In an article on the Kavpolit.com
site this week, journalist Rasul Kadiyev suggests that Abdulatipov’s support
for local governments to form druzhinniki from among local people is also
making the security situation worse. Indeed, he says, they constitute a most “dangerous
game” as far as security is concerned (kavpolit.com/opasnye-igry-v-bezopasnost/).
Some local officials in Daghestan,
he points out, are using these druzhinniki not to fight terrorists but rather
to settle scores with local people of their own or different nationality with
whom these leader have problems. Thos subject to such attacks aren’t going to
Makhachkala or Moscow; they are “going into the forest” to fight.

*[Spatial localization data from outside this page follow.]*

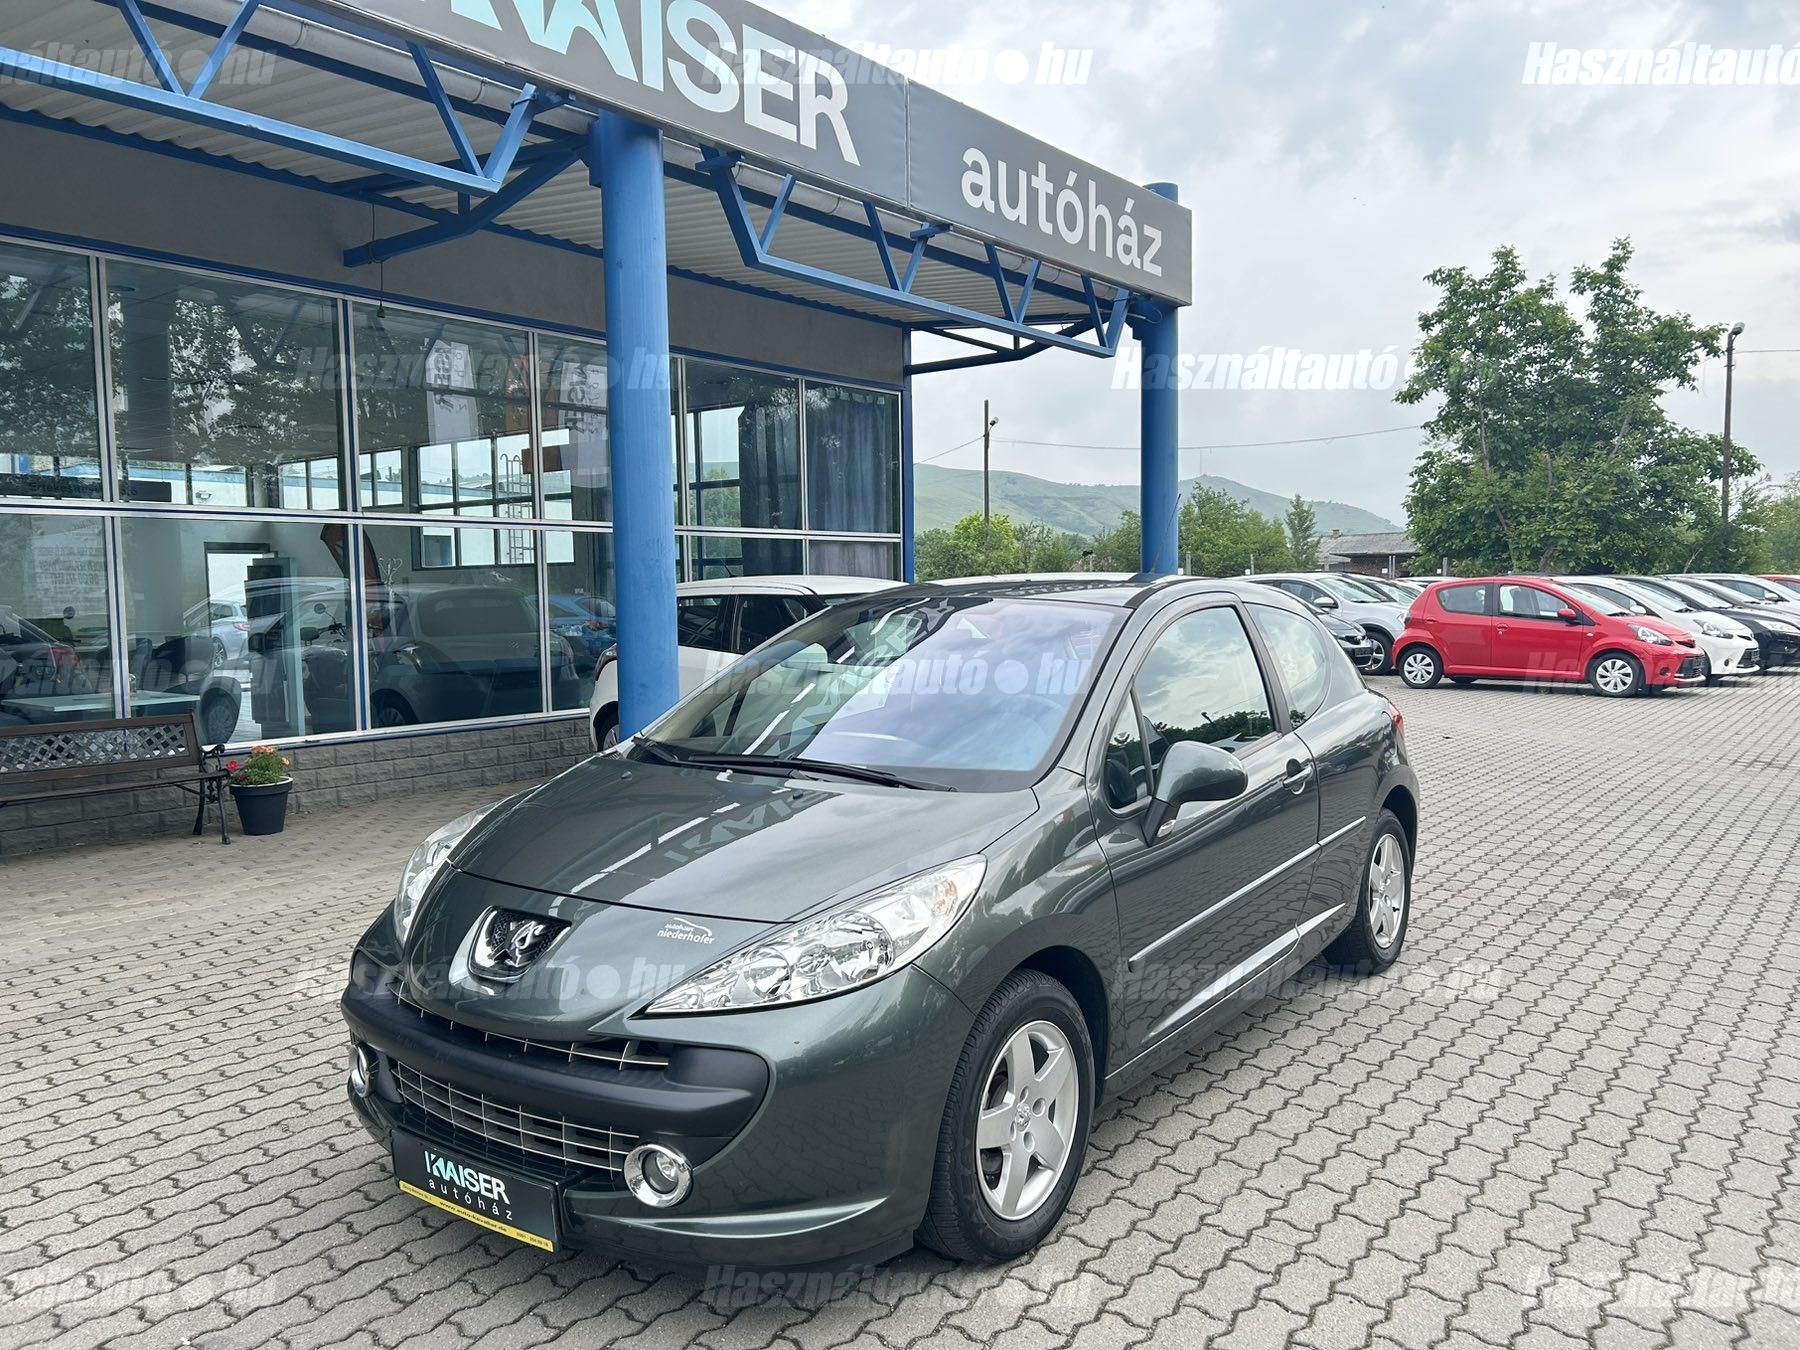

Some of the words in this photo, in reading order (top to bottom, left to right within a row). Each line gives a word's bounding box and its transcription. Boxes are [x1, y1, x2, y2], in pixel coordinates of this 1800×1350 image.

[961, 147, 1162, 277] autóház
[657, 929, 716, 944] niederhofer
[424, 1150, 511, 1205] KAISER
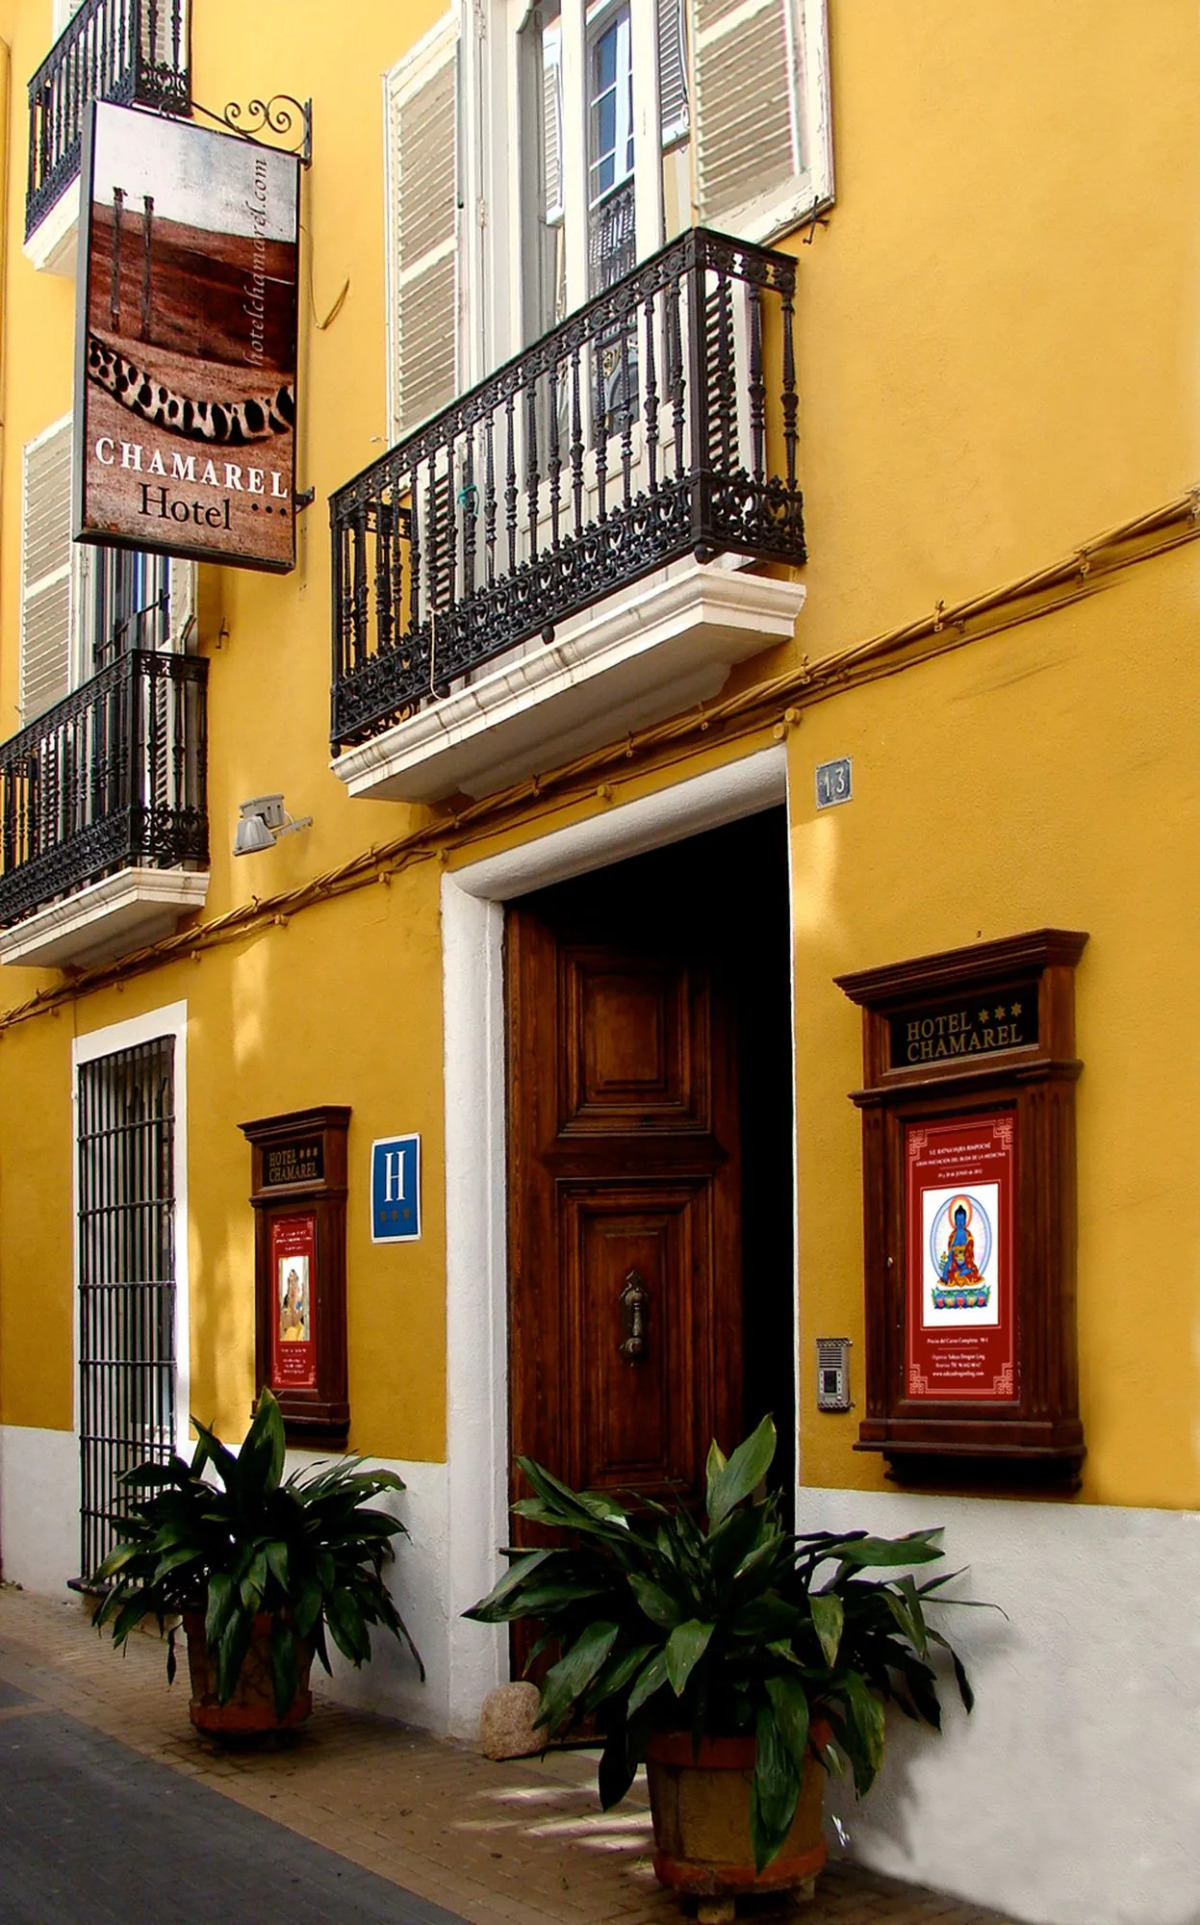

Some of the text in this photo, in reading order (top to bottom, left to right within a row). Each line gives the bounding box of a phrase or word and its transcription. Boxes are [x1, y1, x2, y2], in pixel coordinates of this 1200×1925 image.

[243, 158, 268, 367] hotelchamarel.com
[95, 437, 288, 499] CHAMAREL
[138, 482, 233, 531] Hotel
[824, 766, 845, 797] 13
[906, 1011, 972, 1042] HOTEL
[906, 1023, 1024, 1062] CHAMAREL
[269, 1149, 297, 1167] HOTEL
[269, 1161, 318, 1183] CHAMAREL
[384, 1150, 406, 1202] H

Abdulatipov, Kadiyev points out, “is
not a criminologist and he does not know that there are risks of increasing the
number of cases of violence if the number of people having arms goes up or who
are given the right to promote law and order but without a corresponding system
of preparation.”
Because Abdulatipov has said that
there must not be any Salafis in these groups, what is in fact happening,
Kadiyev continues, is that local officials are “arming and organizing one part
of the population against another according to a religious principle,” an
arrangement that is exacerbating tensions and mking the situation worse.
The journalist says that he “does
not consider that Abdulatipov and his command are intentionally pushing
[Daghestanis] oward a civicl war. They
have simply made a mistake,” one made more likely and more dangerous because of
the absence of transparency in the way these decisions are being made.
Meanwhile, a second journalist,
Mariya Klimova, argues on Kavpolit.com that what Makhachkala is doing so is
what the Chechen authorities did a few years ago but that this approach won’t
work in Daghestan because of its complicated ethnic and religious population (kavpolit.com/dagestanskie-vlasti-vzyali-na-vooruzhenie-chechenskie-metody/).
But Abdulatipov, she says, citing
the words of several experts, does not recognize that the Chechen model is
going to prove counterproductive and has already created the most dangerous of
situations: Daghestanis “are afraid of the siloviki, but by all appearances,
the siloviki are afraid of the local residents.”